Jen Oshman

View Original

You and I Don't Have to be Perfect, Because Our God Already Is

“Mom, aren’t you afraid you’ll say the wrong thing?” 

Yep. I definitely am. I am confident that I will do just that. 

I was mildly freaking out with a car full of kids, as one of my daughters asked about some upcoming speaking opportunities I had: recording some videos with my publisher for my forthcoming book, taking the stage at a couple conferences, recording a few podcasts. 

The thing about writing is, you can edit. You write a first draft and a second and a third. You look it over, sleep on it, run spellcheck. With writing, there’s plenty of time to correct mistakes. Of course, that doesn’t mean mistakes won’t be printed, but there’s less room for error. 

But when it comes to speaking live or to being recorded by someone else, you lose all the control. There’s no going back. What’s done is done; what’s said is said. My daughter understood that.

The truth is, though, that whether it’s in communicating or relating or anything else, you and I cannot put our hope in our own words because we will surely fail. 

At one point or another, we will say the wrong thing or we will say the right thing the wrong way. We will get our facts wrong, or we will misunderstand, or we will be misunderstood. Or our hearts will be in the wrong place and we’ll be flippant when we should be grave, or silly when we should be serious. There are innumerable opportunities to err. 

When my daughter asked if I was afraid, my answer was an immediate and definitive yes. I loathe responding poorly to others. I hate being wrong. I lament both my mistakes and my sin—sometimes it’s one or the other and sometimes it’s both. 

It’s happened before and it’s going to happen again and again until heaven. I have said and will say the wrong thing.

But at the end of the day, I must remember my hope is not in my own perfection, but in the sovereignty of God. My hope is not that I will get things just right—I already know from experience that I won’t. My hope is that the Lord himself will redeem my mistakes and my sin. My confidence is in him alone. He is on the throne. 

God is sovereign and uses us in spite of ourselves. He doesn’t use us because we are perfect or winsome or excellent. He uses us because he is. He can and does use all things for his glory (Romans 11:36).

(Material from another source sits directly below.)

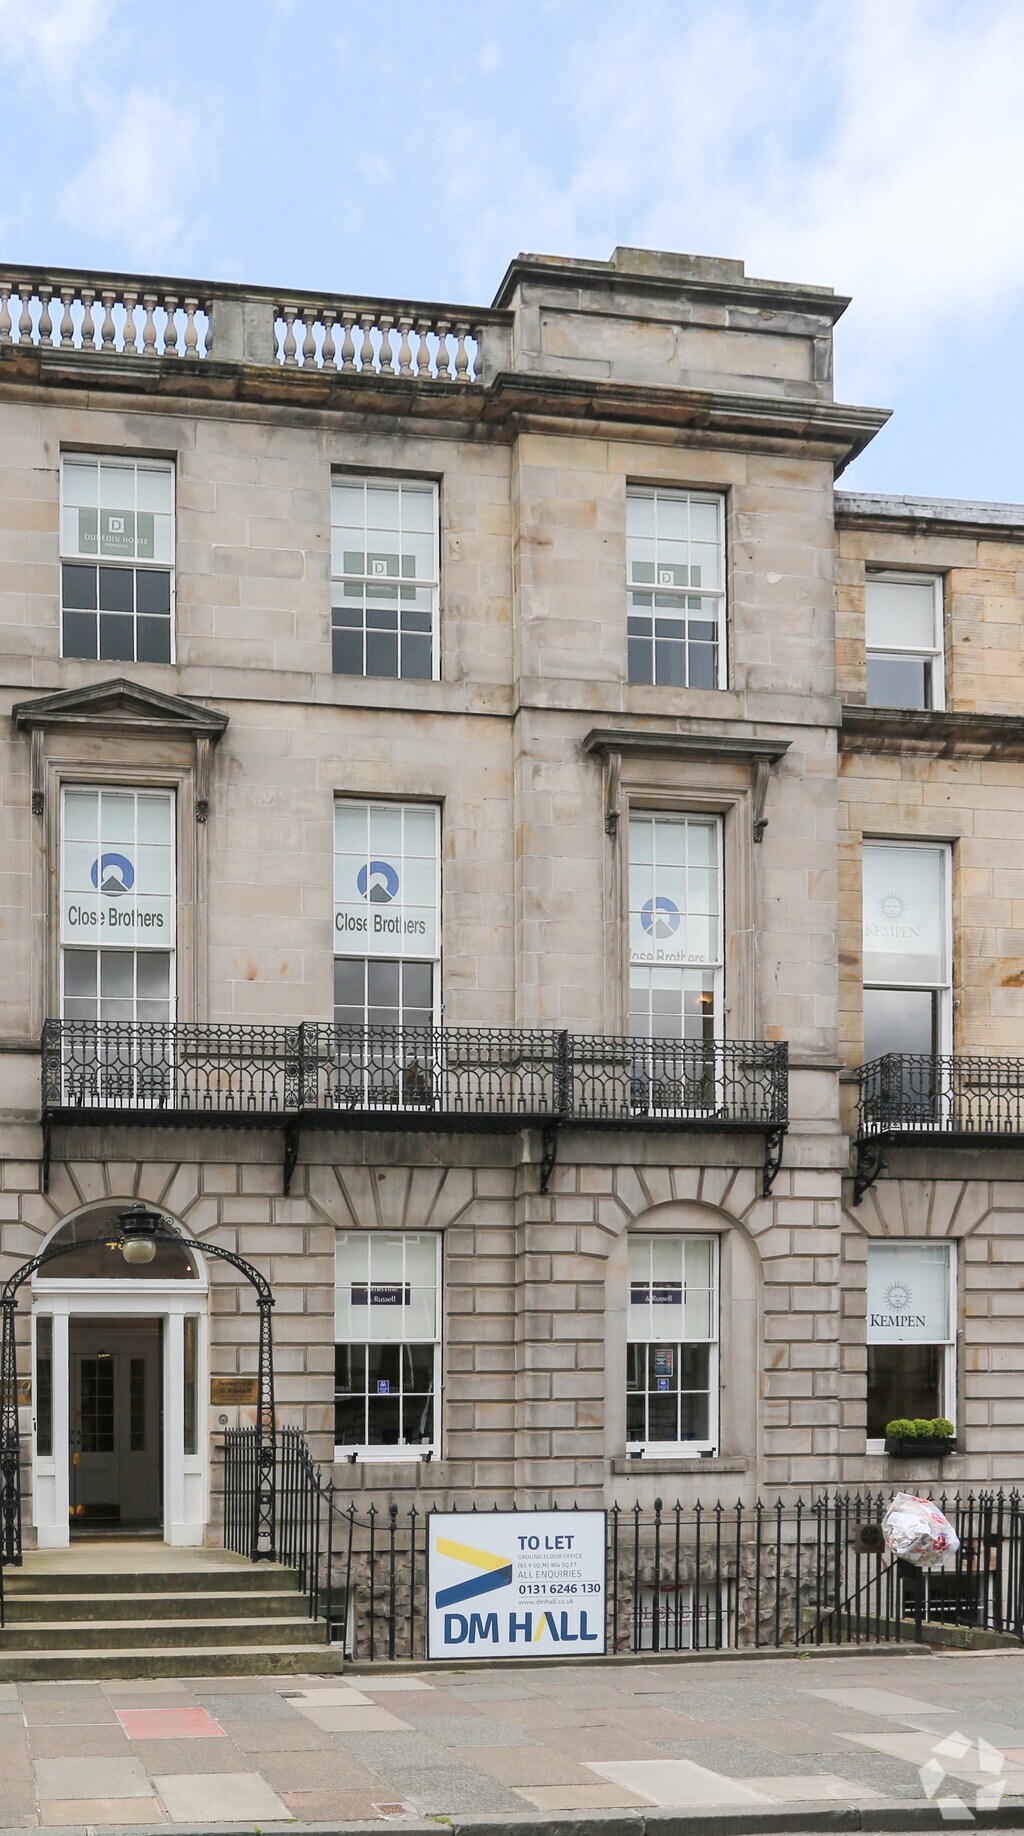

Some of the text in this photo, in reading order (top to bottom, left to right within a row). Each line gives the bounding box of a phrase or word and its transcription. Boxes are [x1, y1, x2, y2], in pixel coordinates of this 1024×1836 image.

Our God is reconciling all things to himself—things in heaven and things on earth—making peace by the blood of the cross (Colossians 1:20). Christ in me is the hope of glory (Colossians 1:27). Because our God is good and kind, and because he is able to redeem all things for his glory, I can walk and speak and write and relate with confidence in him alone. I have confidence that even when (especially when) I blow it, he will somehow use it according to his will. That may be in someone else’s life or it may be in my own. 

My hope is that God—by the power of his Spirit, or through his word, or through his people—will reveal my mistakes and my sin to me, allowing me the opportunity to humble myself, make a correction, or repent. When we are weak he is strong (2 Corinthians 12:9-10). 

We don’t have to be perfect, because he already is. 

I hate to confess it, but it’s true: my loudest thought is often, “I sure hope I don’t look stupid doing this.” But here’s what true: “the fear of man lays a snare, but whoever trusts in the Lord is safe” (Proverbs 29:25). Fearing how I will perform, how others will perceive me, how solid my reputation is, is a snare. It’s a trap. It will disable me. It is safe, rather, to trust in the Lord. 

Our God is on his throne and he does as he pleases (Psalm 115:3). He (not me!) is in charge of all things and this is such good news. I can write and speak and love others because God is sovereign and able. He holds everything together. He will use both my successes and failures to grow me, maybe to grow others, and for any other reason he pleases. 

My hope is not in my perfection or my performance, but in my risen King. And my prayer is that, by his grace, you and I will walk toward whatever he has called us, for his name’s sake, not our own. 

We don’t have to be perfect, because our God already is.